Aug 12 2010

The Invisible Man—’Bent on Self-Destruction?

There’s a new bike in town. A couple of times a week a low-slung, electric-blue ‘bent whizzes past my office window. If the rider’s headed up the hill, I’ll usually be alerted to his passage by the muted clack of his rear mech as he gets ready for the climb, but if he’s coasting downhill, all I’ll hear is the buzz of his tires on the crumbling asphalt. Uphill or down, though, he moves fast—so fast that I can’t catch the maker’s name on his machine.

This is his second bent. Earlier in the year he had a long-wheelbase machine with chromed fenders. I managed to get a photo of that one—though it was pure luck that I did. I was stalking a bird with my camera at the ready when ‘bent and rider breezed past.

'Bent

His new ‘bent is a short-wheelbase machine, and while the rider’s butt doesn’t look to be more than a foot above the ground, his feet are almost as high as his shoulders.
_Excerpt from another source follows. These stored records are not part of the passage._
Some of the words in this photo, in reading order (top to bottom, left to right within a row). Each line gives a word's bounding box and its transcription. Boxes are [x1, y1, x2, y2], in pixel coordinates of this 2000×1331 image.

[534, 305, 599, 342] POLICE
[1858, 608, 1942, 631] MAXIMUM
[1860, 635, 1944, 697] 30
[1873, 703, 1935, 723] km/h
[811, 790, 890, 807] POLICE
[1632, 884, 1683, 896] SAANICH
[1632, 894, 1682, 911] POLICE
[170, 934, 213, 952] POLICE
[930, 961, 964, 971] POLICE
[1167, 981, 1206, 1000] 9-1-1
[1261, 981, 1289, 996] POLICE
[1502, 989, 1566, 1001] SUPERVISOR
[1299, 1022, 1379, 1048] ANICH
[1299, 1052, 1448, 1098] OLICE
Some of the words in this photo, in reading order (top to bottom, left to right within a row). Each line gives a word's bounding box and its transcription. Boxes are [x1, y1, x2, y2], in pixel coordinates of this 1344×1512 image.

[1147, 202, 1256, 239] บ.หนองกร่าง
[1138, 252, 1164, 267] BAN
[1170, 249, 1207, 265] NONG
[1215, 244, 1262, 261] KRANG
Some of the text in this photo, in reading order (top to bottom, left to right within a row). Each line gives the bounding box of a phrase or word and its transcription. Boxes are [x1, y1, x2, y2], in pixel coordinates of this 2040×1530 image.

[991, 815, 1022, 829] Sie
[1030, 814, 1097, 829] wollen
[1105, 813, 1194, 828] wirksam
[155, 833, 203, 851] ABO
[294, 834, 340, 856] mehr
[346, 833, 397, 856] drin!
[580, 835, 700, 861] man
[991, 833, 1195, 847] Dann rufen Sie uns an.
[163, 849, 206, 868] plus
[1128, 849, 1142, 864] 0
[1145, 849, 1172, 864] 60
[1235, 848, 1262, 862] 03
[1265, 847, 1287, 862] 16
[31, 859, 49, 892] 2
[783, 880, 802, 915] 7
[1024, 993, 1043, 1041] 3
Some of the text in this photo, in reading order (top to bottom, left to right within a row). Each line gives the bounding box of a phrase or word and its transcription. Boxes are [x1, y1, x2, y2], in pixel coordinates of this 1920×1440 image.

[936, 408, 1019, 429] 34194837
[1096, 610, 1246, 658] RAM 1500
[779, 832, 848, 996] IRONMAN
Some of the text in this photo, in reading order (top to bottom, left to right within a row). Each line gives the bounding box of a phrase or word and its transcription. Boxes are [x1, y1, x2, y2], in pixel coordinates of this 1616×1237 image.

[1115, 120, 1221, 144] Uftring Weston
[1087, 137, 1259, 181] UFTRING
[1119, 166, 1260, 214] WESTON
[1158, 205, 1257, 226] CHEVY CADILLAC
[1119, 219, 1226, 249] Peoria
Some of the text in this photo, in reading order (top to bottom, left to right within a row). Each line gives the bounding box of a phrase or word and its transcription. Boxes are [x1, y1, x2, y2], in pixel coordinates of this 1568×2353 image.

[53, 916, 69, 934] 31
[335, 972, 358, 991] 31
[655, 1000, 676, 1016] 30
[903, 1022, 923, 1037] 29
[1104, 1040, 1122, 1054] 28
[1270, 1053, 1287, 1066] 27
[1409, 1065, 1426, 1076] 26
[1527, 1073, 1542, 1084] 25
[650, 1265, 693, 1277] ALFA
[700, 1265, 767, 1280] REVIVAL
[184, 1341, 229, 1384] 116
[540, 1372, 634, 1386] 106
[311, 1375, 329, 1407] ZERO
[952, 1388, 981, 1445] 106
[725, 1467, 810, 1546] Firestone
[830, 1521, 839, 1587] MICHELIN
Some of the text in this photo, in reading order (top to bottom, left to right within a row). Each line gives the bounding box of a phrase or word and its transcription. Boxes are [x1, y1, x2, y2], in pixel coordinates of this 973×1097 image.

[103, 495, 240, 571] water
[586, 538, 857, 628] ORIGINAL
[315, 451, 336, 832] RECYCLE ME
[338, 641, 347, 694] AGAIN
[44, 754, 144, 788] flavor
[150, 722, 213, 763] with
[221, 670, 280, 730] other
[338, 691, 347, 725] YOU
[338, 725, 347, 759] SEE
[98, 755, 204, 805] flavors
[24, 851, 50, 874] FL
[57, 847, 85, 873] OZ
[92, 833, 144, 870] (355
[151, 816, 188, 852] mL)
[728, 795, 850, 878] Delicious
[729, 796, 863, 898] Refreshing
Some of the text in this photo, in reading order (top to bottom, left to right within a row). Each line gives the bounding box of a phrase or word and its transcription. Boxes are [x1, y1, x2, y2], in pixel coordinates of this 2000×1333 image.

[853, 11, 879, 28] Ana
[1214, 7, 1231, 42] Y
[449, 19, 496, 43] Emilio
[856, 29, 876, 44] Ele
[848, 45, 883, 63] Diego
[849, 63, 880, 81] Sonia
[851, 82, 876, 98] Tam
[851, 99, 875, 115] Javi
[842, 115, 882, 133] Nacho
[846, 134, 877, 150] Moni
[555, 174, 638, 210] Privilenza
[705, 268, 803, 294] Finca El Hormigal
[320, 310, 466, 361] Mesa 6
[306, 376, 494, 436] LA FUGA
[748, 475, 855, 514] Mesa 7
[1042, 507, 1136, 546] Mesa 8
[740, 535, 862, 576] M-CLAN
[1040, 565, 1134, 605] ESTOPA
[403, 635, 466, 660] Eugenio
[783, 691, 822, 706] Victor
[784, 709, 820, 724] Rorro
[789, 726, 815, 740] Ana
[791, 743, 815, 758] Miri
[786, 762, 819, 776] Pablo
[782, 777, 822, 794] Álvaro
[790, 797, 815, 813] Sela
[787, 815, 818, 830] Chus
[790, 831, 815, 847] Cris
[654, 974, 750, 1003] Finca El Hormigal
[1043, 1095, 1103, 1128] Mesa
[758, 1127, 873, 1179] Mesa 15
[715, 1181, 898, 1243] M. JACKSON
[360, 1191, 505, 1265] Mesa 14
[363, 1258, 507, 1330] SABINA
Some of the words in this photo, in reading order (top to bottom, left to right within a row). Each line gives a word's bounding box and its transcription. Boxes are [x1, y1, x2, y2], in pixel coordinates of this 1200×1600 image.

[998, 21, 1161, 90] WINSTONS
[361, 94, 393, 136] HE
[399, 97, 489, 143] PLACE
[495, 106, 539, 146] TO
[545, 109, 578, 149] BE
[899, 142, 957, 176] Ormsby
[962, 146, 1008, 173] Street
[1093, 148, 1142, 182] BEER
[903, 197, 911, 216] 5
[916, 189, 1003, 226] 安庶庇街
I wonder how much of the road he sees. In any case, it’s obvious that the strain of holding his head up is taking its toll. He’s recently rigged an improvised neckbrace.

I doubt that he’s flying blind, of course. But I do know that it’s hard to see him. Now and then our paths cross on the highway. I was returning from town recently, huffing and puffing my way up a long hill with loaded panniers, when I saw a shadowy form on the opposite side of the road. It was headed downslope, moving at speed, but I wasn’t able to identify it as the ‘bent rider until less than a 100 yards separated us. The ‘bent’s low silhouette and the rider’s dull red jersey proved very effective camouflage. Only an occasional flash from the pedals gave the game away. How overtaking motorists manage to pick him out when he’s in one of the frequent pools of shadow cast by roadside trees I simply can’t imagine. A quick glimpse in my rearview mirror after he’d passed wasn’t reassuring. He was even harder to spot going away than he’d been coming toward me.

Cyclists—all cyclists, whatever machines they favor—are operating at a disadvantage on busy roads. And while I never assume that motorists are actually paying attention to what’s in front of them, I do everything I can to make myself hard to miss. Er…make that “hard to hit.” Fluorescent jersey and jacket, blinkies fore and aft, even a slow-moving-vehicle safety triangle—I’ve got ‘em all. Plus I’m sitting tall in the saddle. A lot taller than someone on a ‘bent. Not for me the role of invisible rider, thanks. How about you?